Since the fall of Roe v. Wade, the media has inundated the American people with stories of abortions that were supposedly ‘medically necessary,’ citing things like pre-eclampsia or incompetent cervix. But induced abortion is not the medically-recommended treatment for such complications; even in true life-threatening situations, an early delivery is indicated — not the intentional, targeted killing of a preborn child.

As the American Association of Pro-Life Obstetricians and Gynecologists (AAPLOG) has explained (emphasis added):

There are times when separating the mother and her unborn child is necessary to save the life of the mother, even if the unborn child is too premature to live. In those tragic cases, if possible the life of the baby will be attempted to be preserved, and if not possible, the body of the unborn child is treated with respect, recognizing the humanity of the life which is lost in the separation. In contrast, the purpose of an induced abortion is to produce a dead baby.

The Centers for Disease Control and Prevention defined legal induced abortion as an “intervention performed by a licensed clinician (e.g., a physician, nurse-midwife, nurse practitioner, or physician assistant) that is intended to terminate a suspected or known ongoing intrauterine pregnancy and produce a non-viable fetus at any gestational age.”

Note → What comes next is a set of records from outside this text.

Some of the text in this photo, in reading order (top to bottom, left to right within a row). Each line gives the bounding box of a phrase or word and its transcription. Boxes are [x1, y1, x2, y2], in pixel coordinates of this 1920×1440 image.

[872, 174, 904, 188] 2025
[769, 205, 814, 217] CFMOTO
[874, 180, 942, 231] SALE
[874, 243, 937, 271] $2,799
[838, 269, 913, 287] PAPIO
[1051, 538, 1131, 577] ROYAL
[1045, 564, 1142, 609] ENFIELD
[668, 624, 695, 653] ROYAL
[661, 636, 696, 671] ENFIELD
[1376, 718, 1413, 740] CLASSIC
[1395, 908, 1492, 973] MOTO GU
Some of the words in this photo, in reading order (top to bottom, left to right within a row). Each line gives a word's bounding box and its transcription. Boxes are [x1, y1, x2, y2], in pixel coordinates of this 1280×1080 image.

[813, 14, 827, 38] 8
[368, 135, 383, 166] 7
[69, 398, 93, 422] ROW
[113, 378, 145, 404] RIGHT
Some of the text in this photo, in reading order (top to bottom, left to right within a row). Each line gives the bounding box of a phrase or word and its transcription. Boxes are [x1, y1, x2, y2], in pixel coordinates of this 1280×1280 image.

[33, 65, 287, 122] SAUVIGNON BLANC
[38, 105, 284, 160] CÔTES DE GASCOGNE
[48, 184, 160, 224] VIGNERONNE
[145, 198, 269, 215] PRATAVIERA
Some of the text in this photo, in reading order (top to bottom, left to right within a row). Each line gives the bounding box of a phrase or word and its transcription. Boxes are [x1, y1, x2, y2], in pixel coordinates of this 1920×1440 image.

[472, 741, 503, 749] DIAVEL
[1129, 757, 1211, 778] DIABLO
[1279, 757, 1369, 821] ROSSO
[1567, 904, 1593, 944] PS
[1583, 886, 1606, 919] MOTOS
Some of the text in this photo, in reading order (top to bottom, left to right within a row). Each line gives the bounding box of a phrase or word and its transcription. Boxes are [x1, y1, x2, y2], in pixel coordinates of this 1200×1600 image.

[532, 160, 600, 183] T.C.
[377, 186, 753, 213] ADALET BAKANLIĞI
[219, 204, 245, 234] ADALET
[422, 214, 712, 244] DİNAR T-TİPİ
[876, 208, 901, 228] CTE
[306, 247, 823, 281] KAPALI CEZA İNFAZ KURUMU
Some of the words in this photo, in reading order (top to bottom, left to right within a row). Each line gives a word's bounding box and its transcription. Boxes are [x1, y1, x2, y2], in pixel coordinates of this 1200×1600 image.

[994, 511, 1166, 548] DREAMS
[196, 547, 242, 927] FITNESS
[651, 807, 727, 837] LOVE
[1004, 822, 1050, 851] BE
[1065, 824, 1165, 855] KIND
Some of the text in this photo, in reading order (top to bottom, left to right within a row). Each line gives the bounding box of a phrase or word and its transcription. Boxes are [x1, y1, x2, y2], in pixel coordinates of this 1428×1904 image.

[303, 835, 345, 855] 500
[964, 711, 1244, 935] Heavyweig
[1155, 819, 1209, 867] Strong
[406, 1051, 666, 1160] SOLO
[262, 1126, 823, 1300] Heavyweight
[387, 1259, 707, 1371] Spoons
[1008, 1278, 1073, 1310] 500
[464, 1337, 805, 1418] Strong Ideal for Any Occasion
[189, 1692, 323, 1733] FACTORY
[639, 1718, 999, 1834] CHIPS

Mayo Clinic also describes treatment for pre-eclampsia, and it is not an induced abortion. The standard of care is to give medications to lower blood pressure, or, if necessary, perform an emergency delivery. But an emergency delivery is typically a c-section, which takes approximately one hour… while a dilation and evacuation, or D&E, is meant to be a multi-day procedure. (Some abortionists attempt same-day D&Es, but this increases the risks of injury to the mother.)

Induced abortion — the intentional taking of a preborn child’s life — is not medically necessary, and a child’s unintentional (though possibly expected) death due to legitimate medical treatment is not an induced abortion. Capitalizing on people’s potential fears to scare them into supporting the intentional homicide of undelivered human beings is not a scientific, evidence-based position. It’s prioritizing ideology at the expense of science.